夜8時半。退社間際、ティーズ最若手のK君が照れくさそうに切り出す。

「俺、今日誕生日なんっすよ…」

おいおい、早く言えよ。ってか、社長、気がつけよ。

おっ、そんじゃ祝杯あげようぜ!と2人並んで自転車漕いで駅前の焼鳥屋へ繰り出す。

記念すべきハタチの誕生日。焼き鳥で申し訳ないけど、急だからしかたないね。

何でも好きな物頼んでいいぞ、なんて台詞も安上がりなのだが、彼の好きなレバーを3回もお代わりしつつ、彼女のこと、仕事のこと、ぽつりぽつりと話をする。

「社長は、『もうやめたい』とか『俺はこの仕事向いてないんじゃないか』とか悩まなかったですか?」という質問に、数秒、頭が過去をサーチする。

「…無かったね」

いや、そう聞かれてみれば。
ほんとに一瞬たりとも「この仕事が向いてないのではないか」と疑ったことはなかった。親方に怒られ怒られ仕事してた頃も。
馬鹿みたいに「これは俺の天職」と思って疑わなかった。

純粋な目をした君が、20数年後に後輩に同じ質問をされて、どんな風に答えるだろうか。


コメント

素敵な関係ですね
良い職人さんになってくれるでしょう!

自分、20歳のころ
なにやってたかなあ・・・

投稿: たむす | 2006年10月 4日 (水) 01:21

「継続は力なり」という言葉がありますけど、楽器製作を志して僕の元に来ても、案外2~3年でやめてしまう若者も多いんです。

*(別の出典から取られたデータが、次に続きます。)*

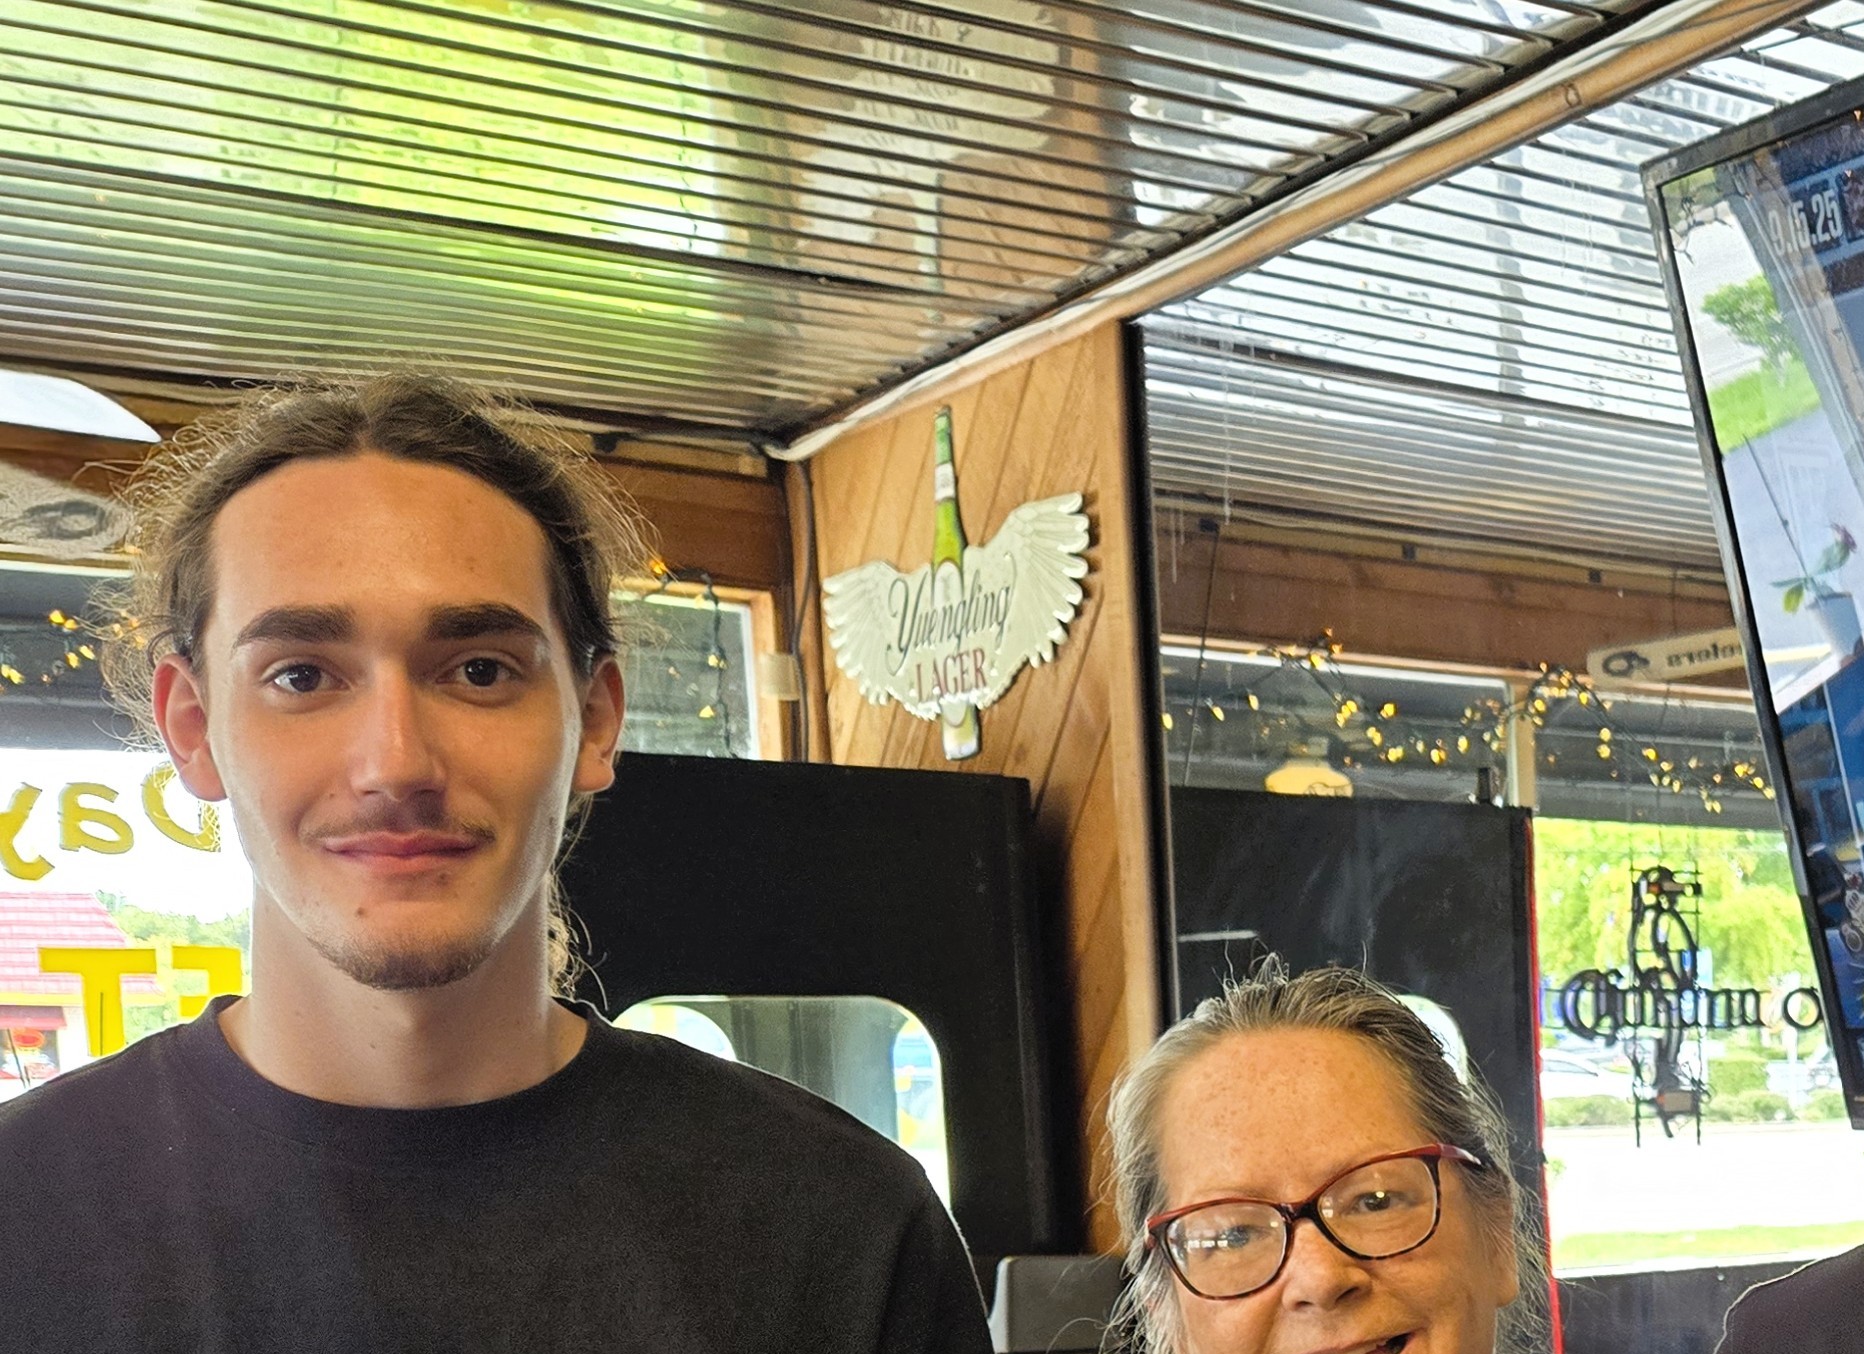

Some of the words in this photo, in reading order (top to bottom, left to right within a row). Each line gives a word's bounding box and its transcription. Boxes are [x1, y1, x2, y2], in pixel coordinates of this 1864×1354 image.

「ニート」やら、転職広告の「自分に有利な転職」「転職先は年収で選ぶ」なんてキャッチコピーがよく見られる世の中で、がむしゃらに一つの仕事にしがみついて、馬鹿みたいに夢を語る子たちと一緒に仕事が出来るのは楽しいことです。(^_^)

そう言えば、たむすさん。このハタチの若者はたむすさんの妹さんからいただいたメールに非常に感動してました。お客様の喜ぶ声が僕らの燃料になります。
もっともっと沢山の方に喜んでいただけるよう、若造たちと一緒に頑張りますね。